__WORK TO COMPLETE__:
Repeat the entries that follow, exactly as they are written.

[[ RECORDS SHOWN, beginning ]]

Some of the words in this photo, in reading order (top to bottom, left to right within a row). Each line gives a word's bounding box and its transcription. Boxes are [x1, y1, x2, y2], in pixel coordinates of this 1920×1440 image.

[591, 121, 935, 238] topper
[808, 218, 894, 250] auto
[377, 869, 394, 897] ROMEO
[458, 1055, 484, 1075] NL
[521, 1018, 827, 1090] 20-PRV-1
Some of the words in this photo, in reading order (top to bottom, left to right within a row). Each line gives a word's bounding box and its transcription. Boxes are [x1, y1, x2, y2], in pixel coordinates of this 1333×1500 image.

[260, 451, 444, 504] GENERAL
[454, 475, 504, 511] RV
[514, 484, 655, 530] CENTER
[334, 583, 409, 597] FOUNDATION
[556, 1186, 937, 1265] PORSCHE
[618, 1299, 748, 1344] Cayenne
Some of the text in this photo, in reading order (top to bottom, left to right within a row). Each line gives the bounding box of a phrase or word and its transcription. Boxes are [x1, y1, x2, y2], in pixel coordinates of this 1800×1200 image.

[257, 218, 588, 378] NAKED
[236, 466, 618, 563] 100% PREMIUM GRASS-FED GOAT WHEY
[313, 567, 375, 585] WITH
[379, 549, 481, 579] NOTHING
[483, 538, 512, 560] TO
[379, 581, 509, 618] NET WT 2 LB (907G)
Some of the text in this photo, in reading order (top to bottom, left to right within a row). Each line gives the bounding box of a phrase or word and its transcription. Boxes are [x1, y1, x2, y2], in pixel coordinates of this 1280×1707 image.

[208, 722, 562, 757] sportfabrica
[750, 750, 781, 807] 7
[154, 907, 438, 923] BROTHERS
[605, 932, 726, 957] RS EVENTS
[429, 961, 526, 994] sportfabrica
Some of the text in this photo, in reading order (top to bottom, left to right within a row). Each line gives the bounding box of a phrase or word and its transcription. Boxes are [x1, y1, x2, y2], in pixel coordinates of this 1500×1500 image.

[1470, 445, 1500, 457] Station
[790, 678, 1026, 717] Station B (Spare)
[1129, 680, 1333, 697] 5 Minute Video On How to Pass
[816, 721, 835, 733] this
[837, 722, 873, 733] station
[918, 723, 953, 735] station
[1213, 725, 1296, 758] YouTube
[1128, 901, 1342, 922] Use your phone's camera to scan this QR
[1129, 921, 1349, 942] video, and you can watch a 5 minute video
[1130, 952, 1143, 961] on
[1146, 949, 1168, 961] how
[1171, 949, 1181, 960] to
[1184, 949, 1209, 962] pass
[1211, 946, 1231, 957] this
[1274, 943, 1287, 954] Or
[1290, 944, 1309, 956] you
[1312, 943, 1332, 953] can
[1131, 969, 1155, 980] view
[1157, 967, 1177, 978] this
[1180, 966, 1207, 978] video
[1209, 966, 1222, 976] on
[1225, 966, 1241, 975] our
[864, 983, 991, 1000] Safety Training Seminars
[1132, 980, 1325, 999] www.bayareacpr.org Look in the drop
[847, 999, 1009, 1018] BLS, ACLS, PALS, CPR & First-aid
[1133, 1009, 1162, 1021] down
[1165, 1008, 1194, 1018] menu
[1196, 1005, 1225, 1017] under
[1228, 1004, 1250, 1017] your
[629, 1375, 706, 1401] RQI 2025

[[ RECORDS SHOWN, end ]]

__SOLUTION__:
Some of the words in this photo, in reading order (top to bottom, left to right within a row). Each line gives a word's bounding box and its transcription. Boxes are [x1, y1, x2, y2], in pixel coordinates of this 1920×1440 image.

[591, 121, 935, 238] topper
[808, 218, 894, 250] auto
[377, 869, 394, 897] ROMEO
[458, 1055, 484, 1075] NL
[521, 1018, 827, 1090] 20-PRV-1
Some of the words in this photo, in reading order (top to bottom, left to right within a row). Each line gives a word's bounding box and its transcription. Boxes are [x1, y1, x2, y2], in pixel coordinates of this 1333×1500 image.

[260, 451, 444, 504] GENERAL
[454, 475, 504, 511] RV
[514, 484, 655, 530] CENTER
[334, 583, 409, 597] FOUNDATION
[556, 1186, 937, 1265] PORSCHE
[618, 1299, 748, 1344] Cayenne
Some of the text in this photo, in reading order (top to bottom, left to right within a row). Each line gives the bounding box of a phrase or word and its transcription. Boxes are [x1, y1, x2, y2], in pixel coordinates of this 1800×1200 image.

[257, 218, 588, 378] NAKED
[236, 466, 618, 563] 100% PREMIUM GRASS-FED GOAT WHEY
[313, 567, 375, 585] WITH
[379, 549, 481, 579] NOTHING
[483, 538, 512, 560] TO
[379, 581, 509, 618] NET WT 2 LB (907G)
Some of the text in this photo, in reading order (top to bottom, left to right within a row). Each line gives the bounding box of a phrase or word and its transcription. Boxes are [x1, y1, x2, y2], in pixel coordinates of this 1280×1707 image.

[208, 722, 562, 757] sportfabrica
[750, 750, 781, 807] 7
[154, 907, 438, 923] BROTHERS
[605, 932, 726, 957] RS EVENTS
[429, 961, 526, 994] sportfabrica
Some of the text in this photo, in reading order (top to bottom, left to right within a row). Each line gives the bounding box of a phrase or word and its transcription. Boxes are [x1, y1, x2, y2], in pixel coordinates of this 1500×1500 image.

[1470, 445, 1500, 457] Station
[790, 678, 1026, 717] Station B (Spare)
[1129, 680, 1333, 697] 5 Minute Video On How to Pass
[816, 721, 835, 733] this
[837, 722, 873, 733] station
[918, 723, 953, 735] station
[1213, 725, 1296, 758] YouTube
[1128, 901, 1342, 922] Use your phone's camera to scan this QR
[1129, 921, 1349, 942] video, and you can watch a 5 minute video
[1130, 952, 1143, 961] on
[1146, 949, 1168, 961] how
[1171, 949, 1181, 960] to
[1184, 949, 1209, 962] pass
[1211, 946, 1231, 957] this
[1274, 943, 1287, 954] Or
[1290, 944, 1309, 956] you
[1312, 943, 1332, 953] can
[1131, 969, 1155, 980] view
[1157, 967, 1177, 978] this
[1180, 966, 1207, 978] video
[1209, 966, 1222, 976] on
[1225, 966, 1241, 975] our
[864, 983, 991, 1000] Safety Training Seminars
[1132, 980, 1325, 999] www.bayareacpr.org Look in the drop
[847, 999, 1009, 1018] BLS, ACLS, PALS, CPR & First-aid
[1133, 1009, 1162, 1021] down
[1165, 1008, 1194, 1018] menu
[1196, 1005, 1225, 1017] under
[1228, 1004, 1250, 1017] your
[629, 1375, 706, 1401] RQI 2025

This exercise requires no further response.